Der V2 ist ein Trumm von Motor – und arbeitet mit einem Liter Hubraum in neuen Regionen: Die Maximalleistung von knapp 115 PS wird bei 8.700 U/min bereitgestellt, die Drehzahlgrenze ist erst bei 9.500 Touren erreicht. Dennoch nimmt der Motor schon bei 2.000 U/min das Gas an, zieht souverän durch und beschleunigt das 233 Kilogramm schwere Motorrad souverän. Der Normverbrauch von 4,7 Liter auf 100 Kilometer erscheint günstig und dürfte auch erreichbar sein; bei der ersten Ausfahrt signalisierte der Bordcomputer Werte von 4,8 bis 5,2 Liter.

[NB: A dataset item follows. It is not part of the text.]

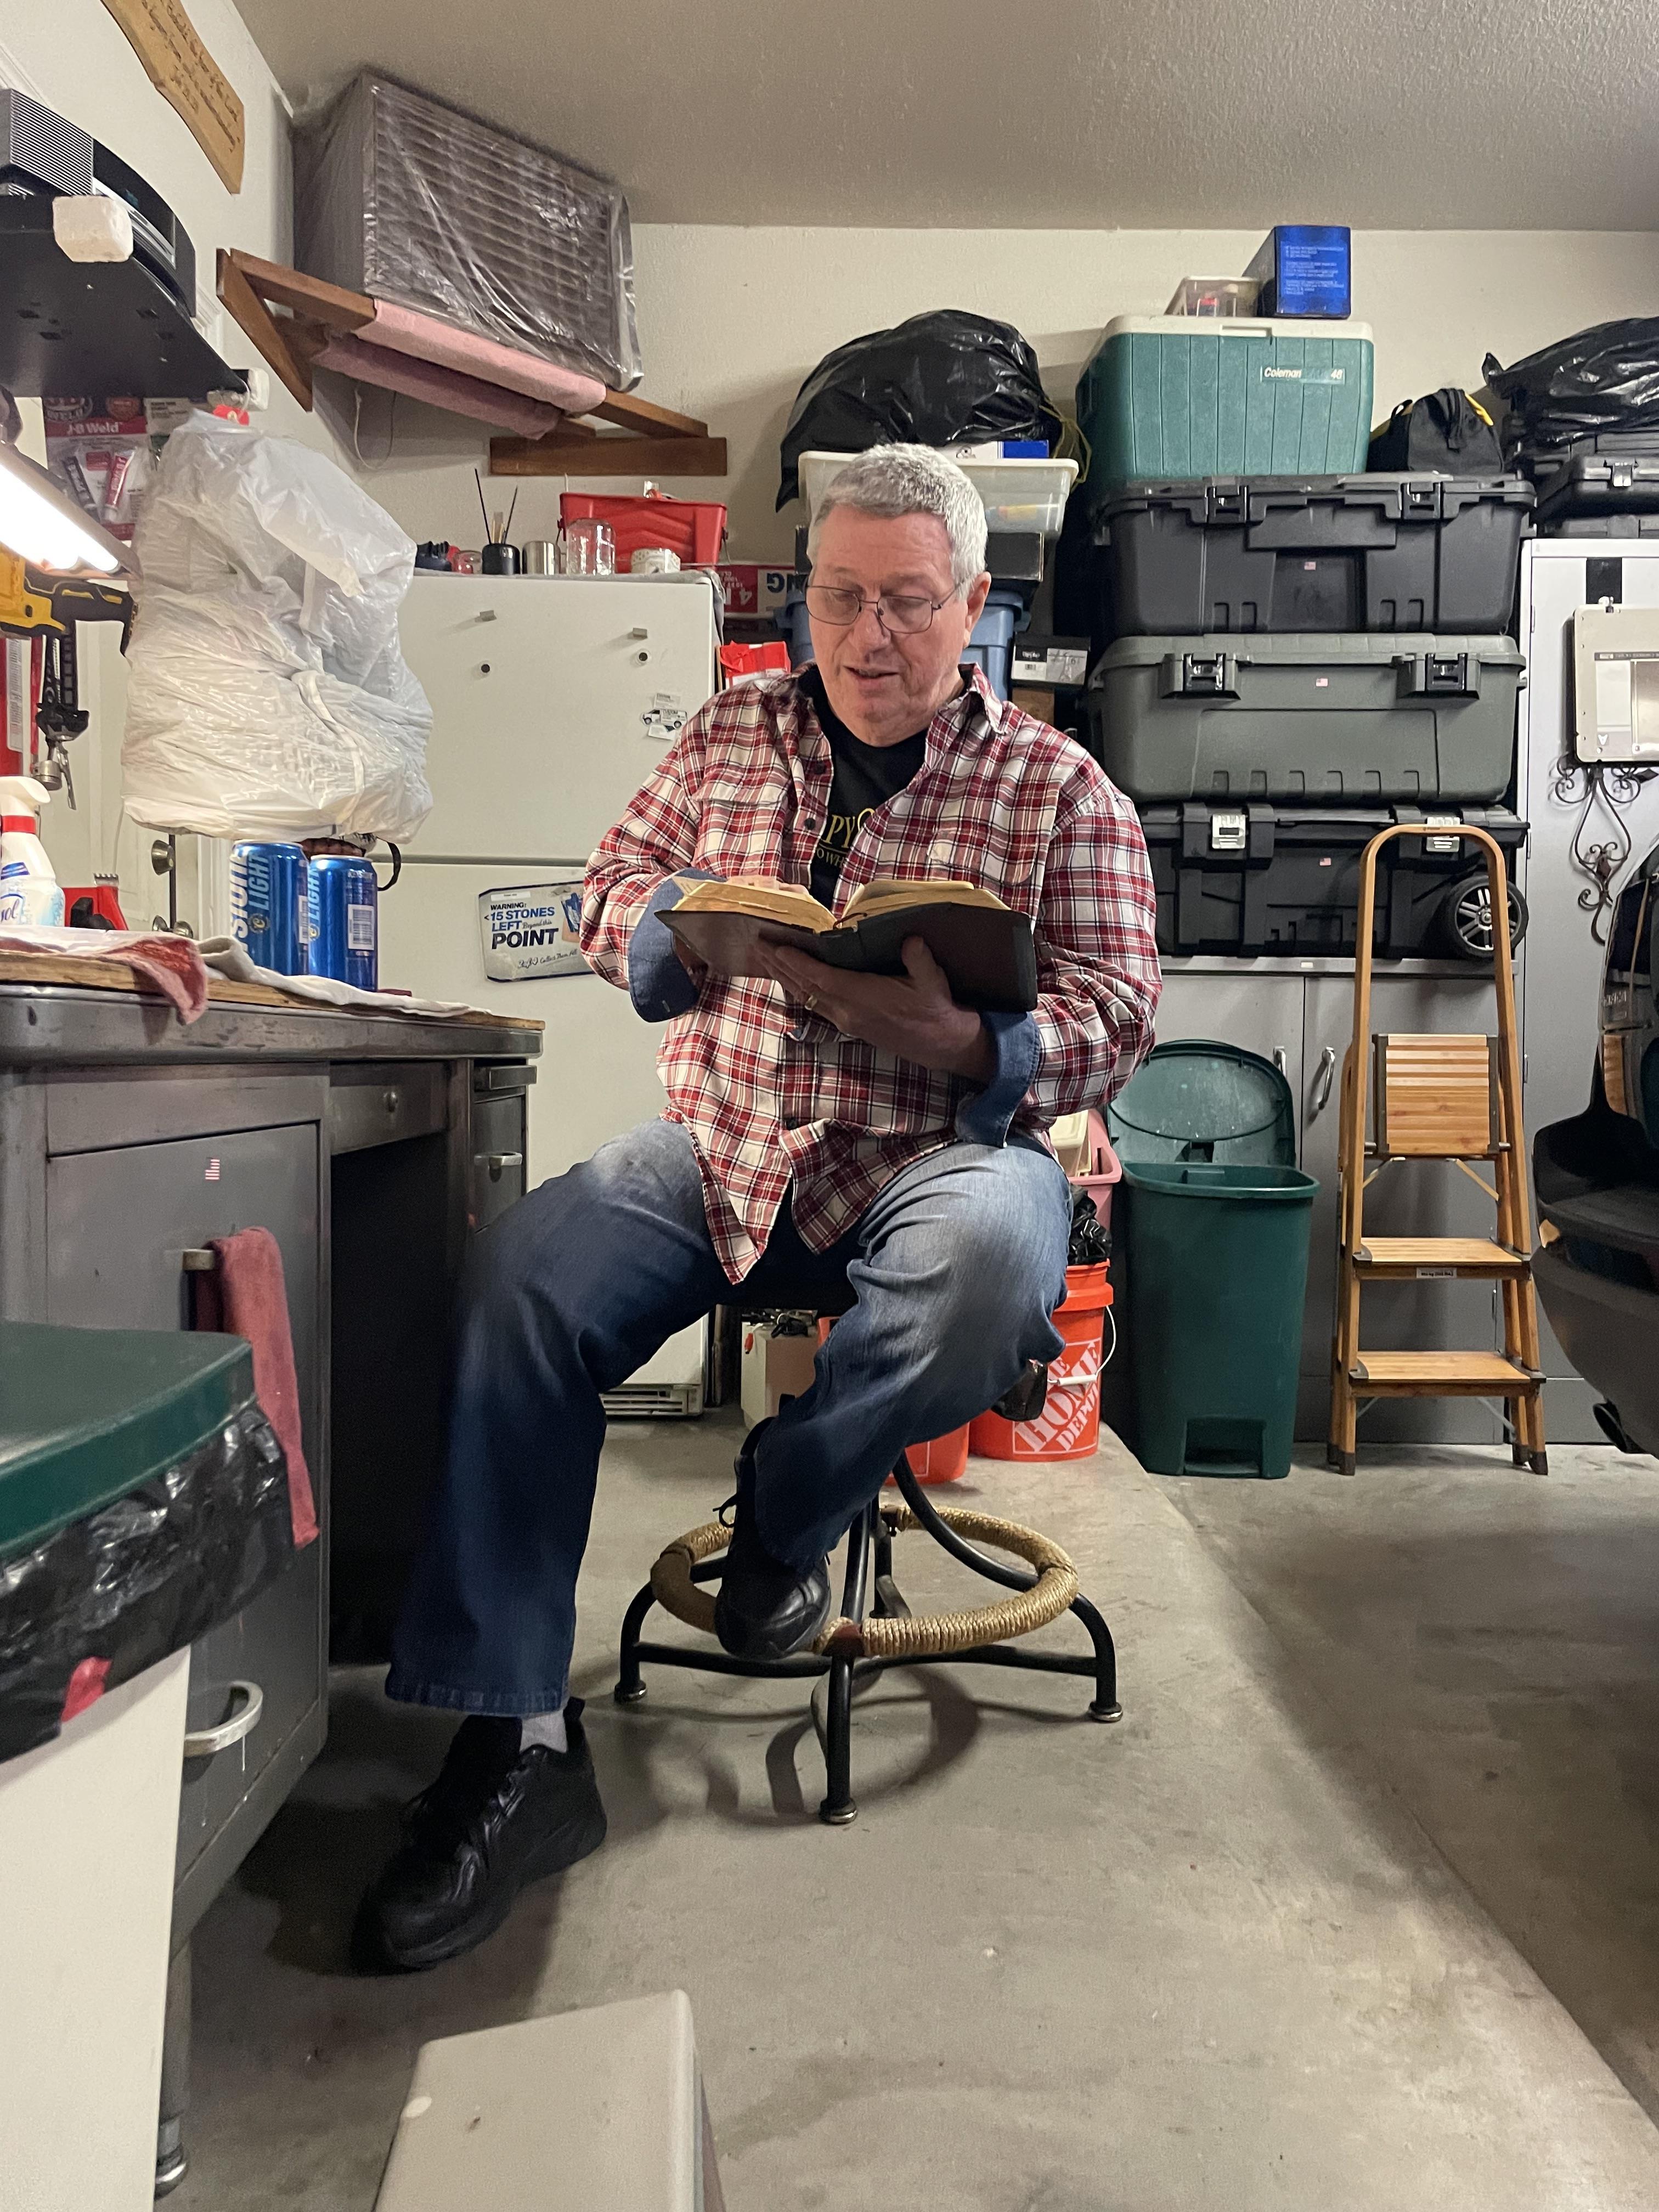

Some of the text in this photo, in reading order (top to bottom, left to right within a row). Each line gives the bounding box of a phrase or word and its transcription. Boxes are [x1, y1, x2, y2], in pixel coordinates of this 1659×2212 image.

Nicht ein Kompromiss aus Sportbike und Tourer soll die V 100 sein, sondern sie beide Bereiche vollständig abdecken. Sagen jedenfalls die Marketing-Gurus des Piaggio-Konzerns, zu dem die Marke Moto Guzzi seit 2004 gehört. Wir meinen: Sie ist ein feiner Sporttourer geworden: handlich, stabil und vertrauenerweckend in Kurven, dazu durchaus bequem und komfortabel. Neu sind zwei Deflektoren seitlich am Tank, die den Luftstrom umleiten. Je nach Fahrmodus aktivieren sich diese Flügelchen automatisch.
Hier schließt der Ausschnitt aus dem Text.